The young man accused of ordering the hit on Petrole is described as a "role model for his brother and sister," a "religious Catholic," who is intensely "spiritual." For his part, Justin Wolfe is presented as a helpful son, who assisted his single mom in caring for his younger siblings. When was the last time the child of a black, inner-city single mom was applauded for helping out around the house?
And throughout the story we learn that the parents of these budding gangsters never suspected anything, even as their early-20's offspring jet-setted to Hawaii or Atlantic City, and bought $200,000 townhouses with their own money. As an additional sign of the times and the stupendous denial that afflicts so many white upper-middle class families, Petrole's father actually believed that his son was able to buy his own home because he had been lucky dabbling in the stock market. After all, said Petrole Sr., his boy always wanted to be an entrepreneur. As indeed he was. So should we now expect national condemnation of the culture of affluence and the capitalist emphasis on moneymaking as being implicated in these crimes? Don't count on it. That kind of analysis we reserve for the "underclass" values of ghetto-dwellers.
As evidence of how strong the stereotypes are, consider that at the height of his criminal activity, Justin Wolfe dated the daughter of the head of the DC regional office of the Drug Enforcement Administration, without being suspected of anything. The agent, having no doubt memorized the darker profile of a drug dealer used by law enforcement, naturally had no clue. Wolfe, according to DEA agent Frank Chellino seemed "well-mannered" and "stable."

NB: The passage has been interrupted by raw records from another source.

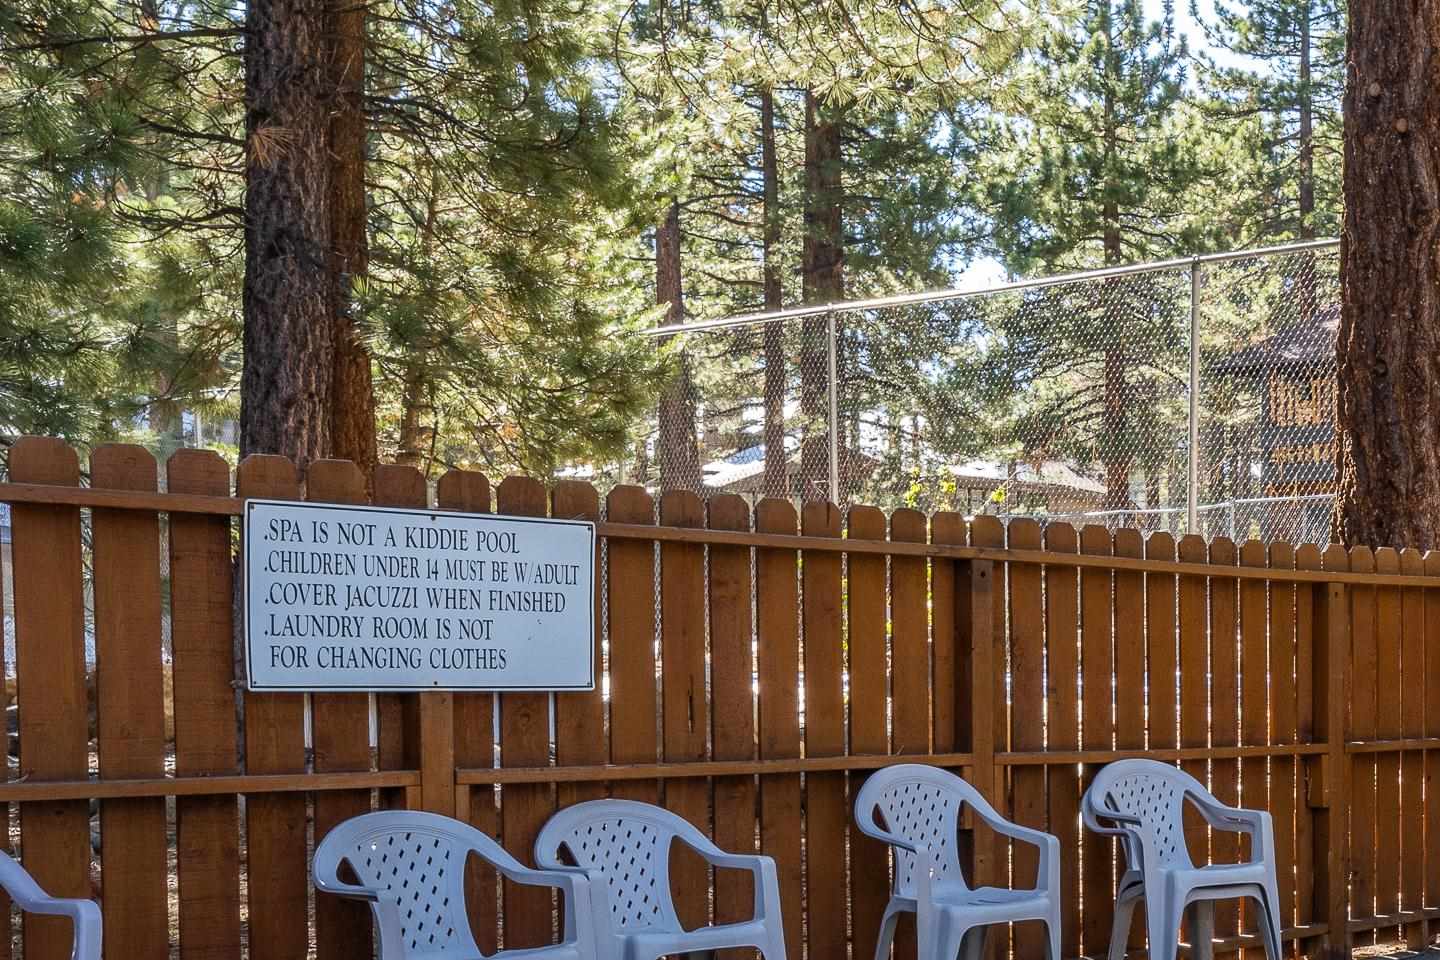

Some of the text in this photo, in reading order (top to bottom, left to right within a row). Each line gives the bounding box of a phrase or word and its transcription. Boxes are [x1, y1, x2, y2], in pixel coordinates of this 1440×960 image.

[313, 521, 328, 543] IS
[337, 523, 377, 547] NOT
[384, 527, 397, 547] A
[405, 526, 469, 551] KIDDIE
[477, 531, 520, 554] POOL
[364, 555, 419, 579] UNDER
[427, 559, 438, 581] 14
[446, 559, 485, 582] MUST
[492, 562, 509, 582] BE
[514, 562, 579, 585] W/ADULT
[345, 585, 418, 610] JACUZZI
[426, 587, 481, 610] WHEN
[489, 591, 566, 613] FINISHED
[373, 617, 427, 640] ROOM
[437, 619, 450, 639] IS
[459, 619, 493, 640] NOT
[270, 646, 507, 670] FOR CHANGING CLOTHES
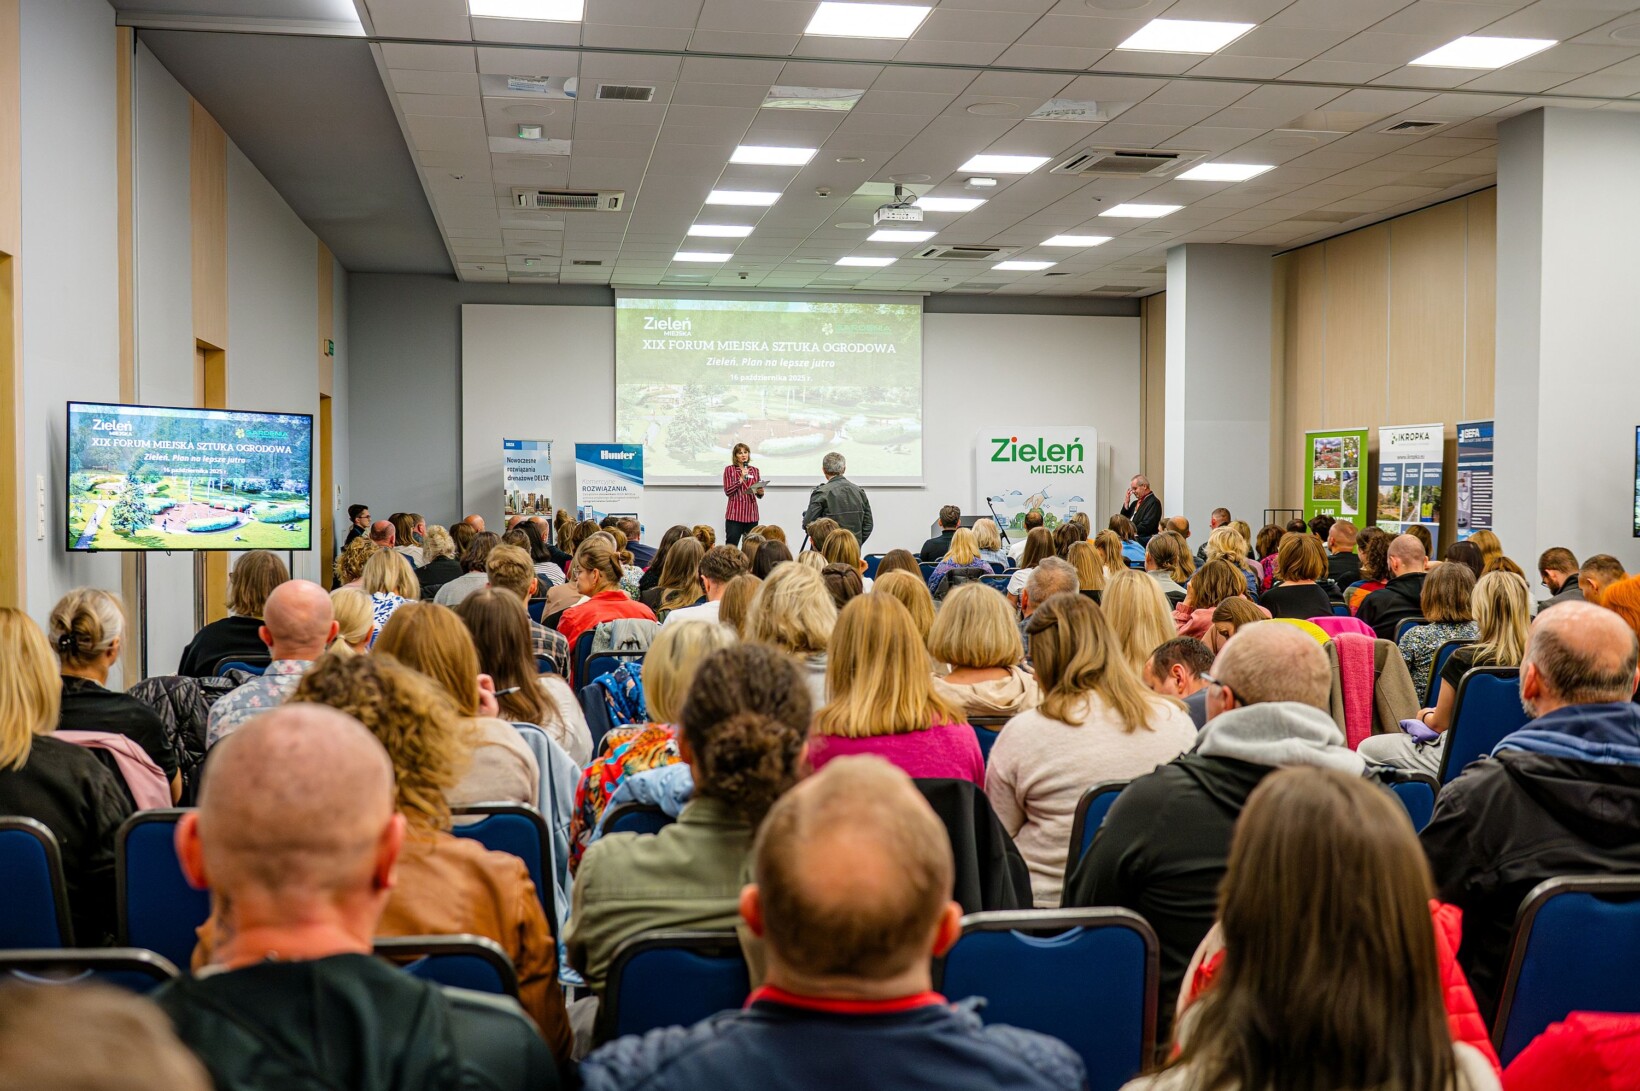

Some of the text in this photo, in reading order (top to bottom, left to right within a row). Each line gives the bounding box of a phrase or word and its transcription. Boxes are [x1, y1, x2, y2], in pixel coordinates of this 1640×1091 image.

[644, 317, 691, 330] Zieleń
[642, 340, 896, 354] XIX FORUM MIEJSKA SZTUKA OGRODOWA
[706, 357, 738, 366] Zieleń.
[742, 358, 762, 366] Plan
[780, 358, 810, 368] lepsze
[811, 358, 836, 369] jutro
[92, 419, 132, 432] Zieleń
[1399, 432, 1430, 442] IKROPKA
[1464, 428, 1480, 438] GEFA
[92, 438, 292, 454] XIX FORUM MIEJSKA SZTUKA OGRODOWA
[991, 436, 1084, 462] Zieleń
[202, 455, 226, 464] lepsze
[226, 456, 246, 464] jutro
[601, 450, 634, 460] Hunter
[1030, 464, 1084, 474] MIEJSKA

Perhaps white folks in the ‘burbs need to stop listening to the voices of officialdom or the media, and start listening to the only folks who seem to know the score: the dealers themselves. As one associate of the accused explained: "American society doesn't want to face the fact that white kids deal and use drugs. They simply can't look in my face and see that a nice-looking white kid is selling drugs to their kids, because that would mean that their kids could do this too. The fact is, we do sell drugs to their kids, in their rich neighborhoods and in their rich schools."
Just as the media generally "deracializes" incidents of white deviance, portraying them as the aberrant, inexplicable acts of aberrant, inexplicable individuals, (unlike the same from the dark and poor which are often portrayed as group tendencies), so too did Josh White in his piece on Wolfe, Barber and Petrole. Instead of pointing out the fallacies of white suburban denial and the blindness that besets so many of the residents in these "nice," places, White and the Post offered up a quixotic melodrama: good kids gone wrong; sympathetic, misguided youths posing as hardened criminals and coming to a tragic end.
Powerful to be sure, but far too narrow a truth, lacking as it did the contextual information necessary to understand the common phenomenon of white substance abuse. Unfortunately, facts unspoken or unreported tend to remain hidden. The debilitating stereotypes they might unravel remain firmly in place. And those who have convinced themselves that it couldn't happen here remain in danger.